- _ACTION ITEM_
The line containing "this 1296×1296 image." marks the start; repeat it and every following line exactly through the end of the entries.

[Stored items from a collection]
○ ○ ○ ○ ○

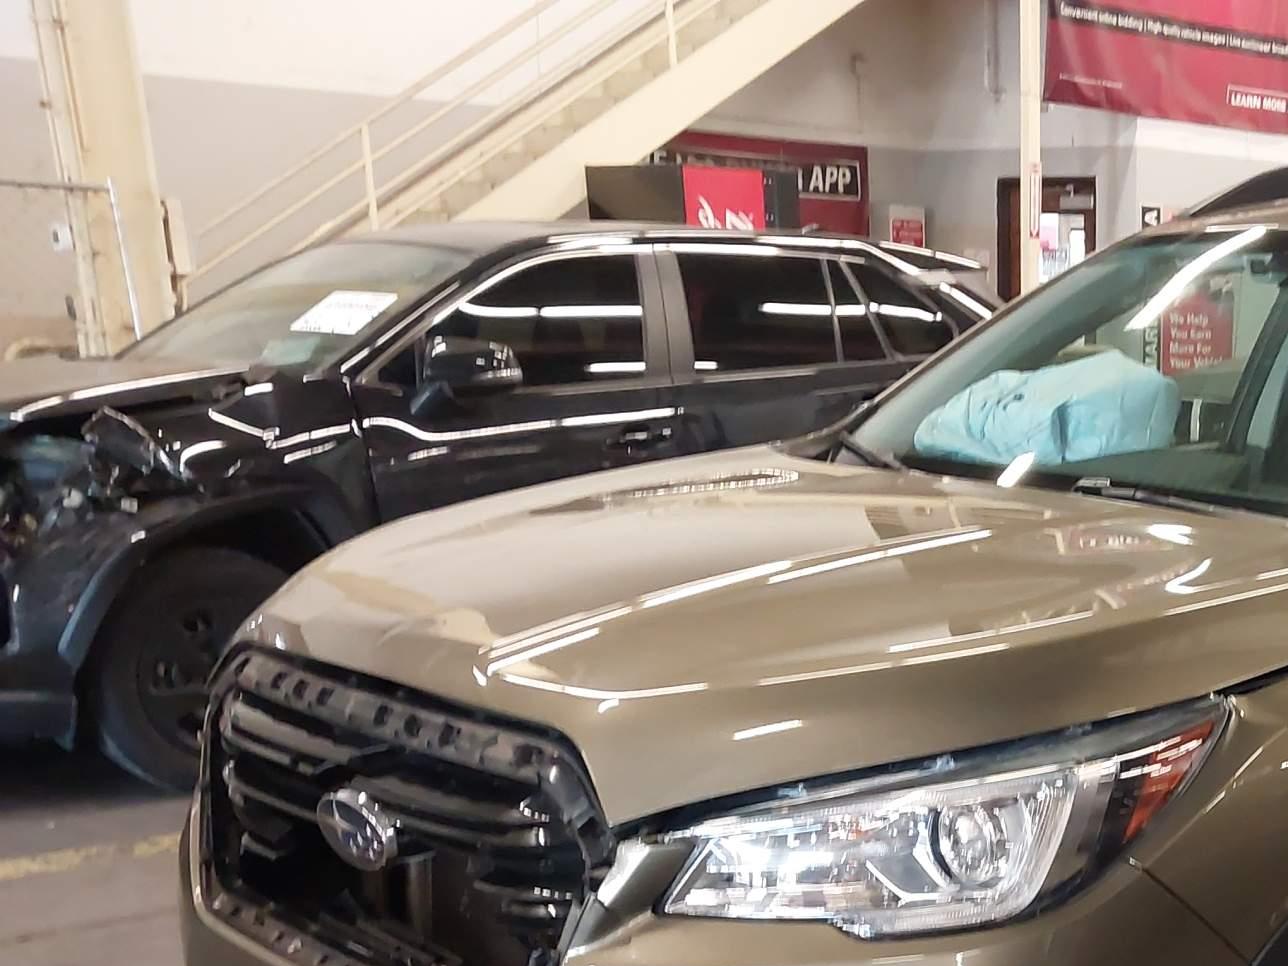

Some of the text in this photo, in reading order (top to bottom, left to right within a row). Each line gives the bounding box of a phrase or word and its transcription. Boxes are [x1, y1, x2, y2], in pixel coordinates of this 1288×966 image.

[1118, 13, 1143, 32] bidding
[1231, 92, 1261, 109] LEARN
[1263, 96, 1286, 113] MORE
[809, 165, 851, 193] APP
[1187, 312, 1209, 328] Help
[1170, 328, 1212, 339] You Earn
[1169, 341, 1212, 354] More For
[1170, 356, 1191, 369] Your
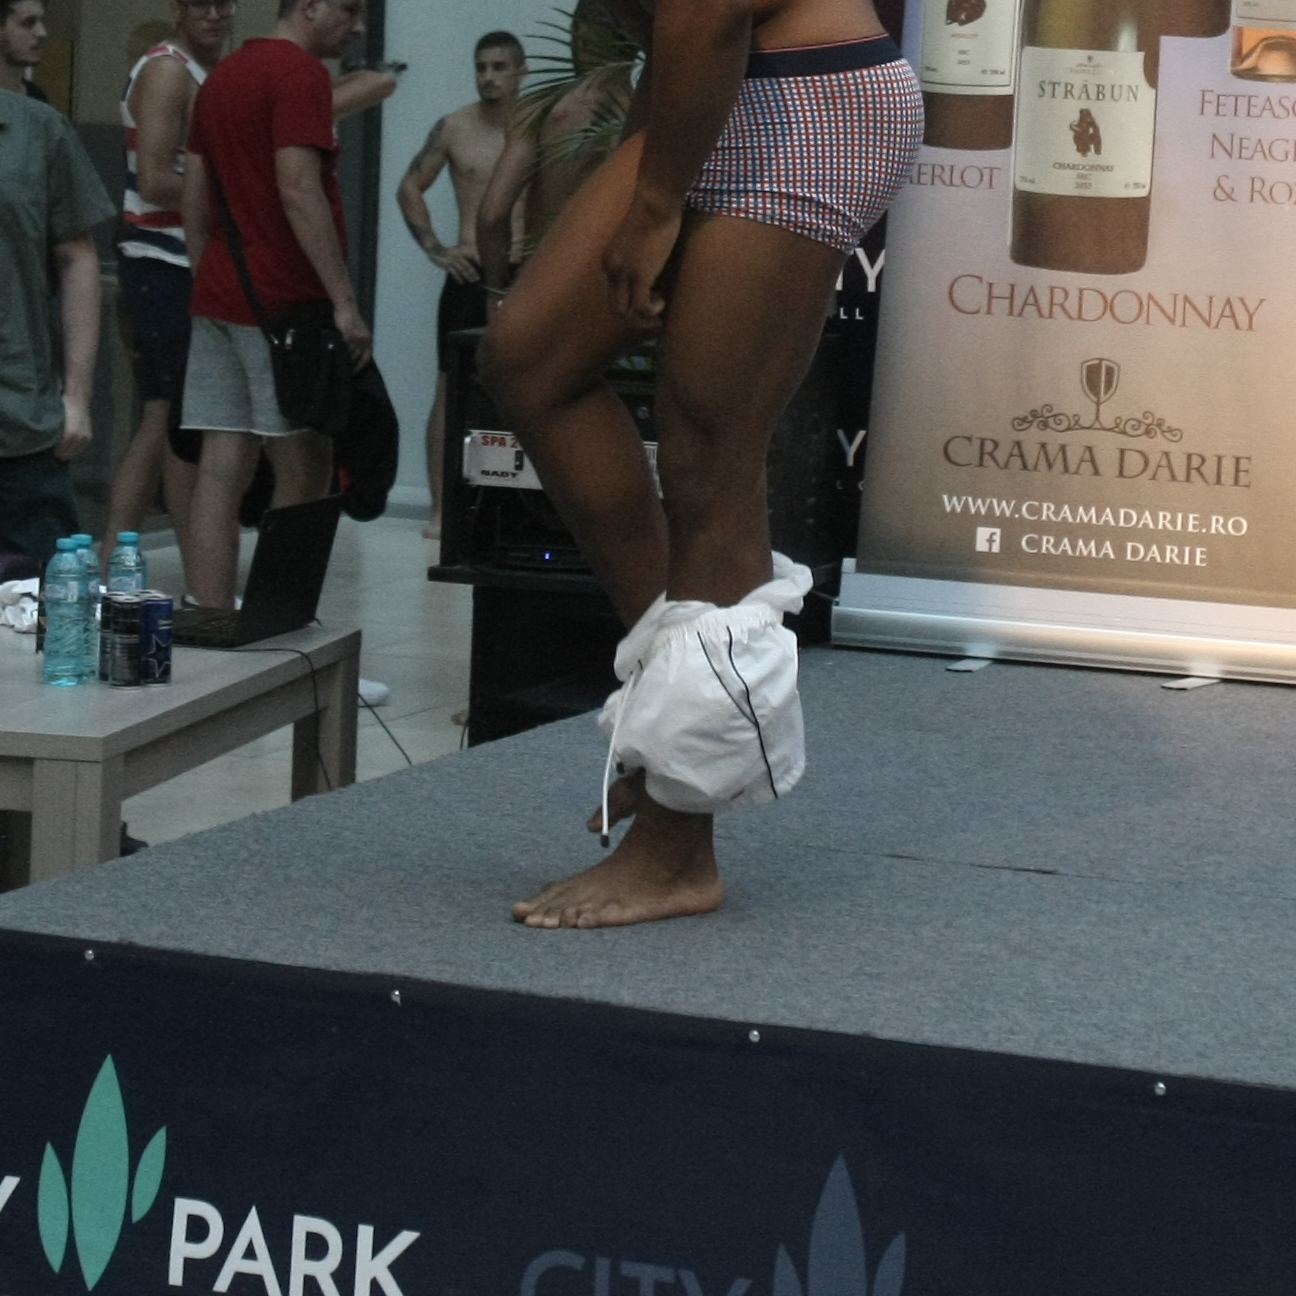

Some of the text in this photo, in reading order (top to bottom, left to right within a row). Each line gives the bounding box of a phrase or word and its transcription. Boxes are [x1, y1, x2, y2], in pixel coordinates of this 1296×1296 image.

[1212, 176, 1239, 204] &
[947, 273, 1267, 333] CHARDONNAY
[942, 433, 1253, 489] CRAMA DARIE
[941, 492, 1249, 538] WWW.CRAMADARIE.RO
[1021, 532, 1209, 567] CRAMA DARIE
[168, 1196, 422, 1296] PARK

○ ○ ○ ○ ○

- _TASK ANSWER_
Some of the text in this photo, in reading order (top to bottom, left to right within a row). Each line gives the bounding box of a phrase or word and its transcription. Boxes are [x1, y1, x2, y2], in pixel coordinates of this 1296×1296 image.

[1212, 176, 1239, 204] &
[947, 273, 1267, 333] CHARDONNAY
[942, 433, 1253, 489] CRAMA DARIE
[941, 492, 1249, 538] WWW.CRAMADARIE.RO
[1021, 532, 1209, 567] CRAMA DARIE
[168, 1196, 422, 1296] PARK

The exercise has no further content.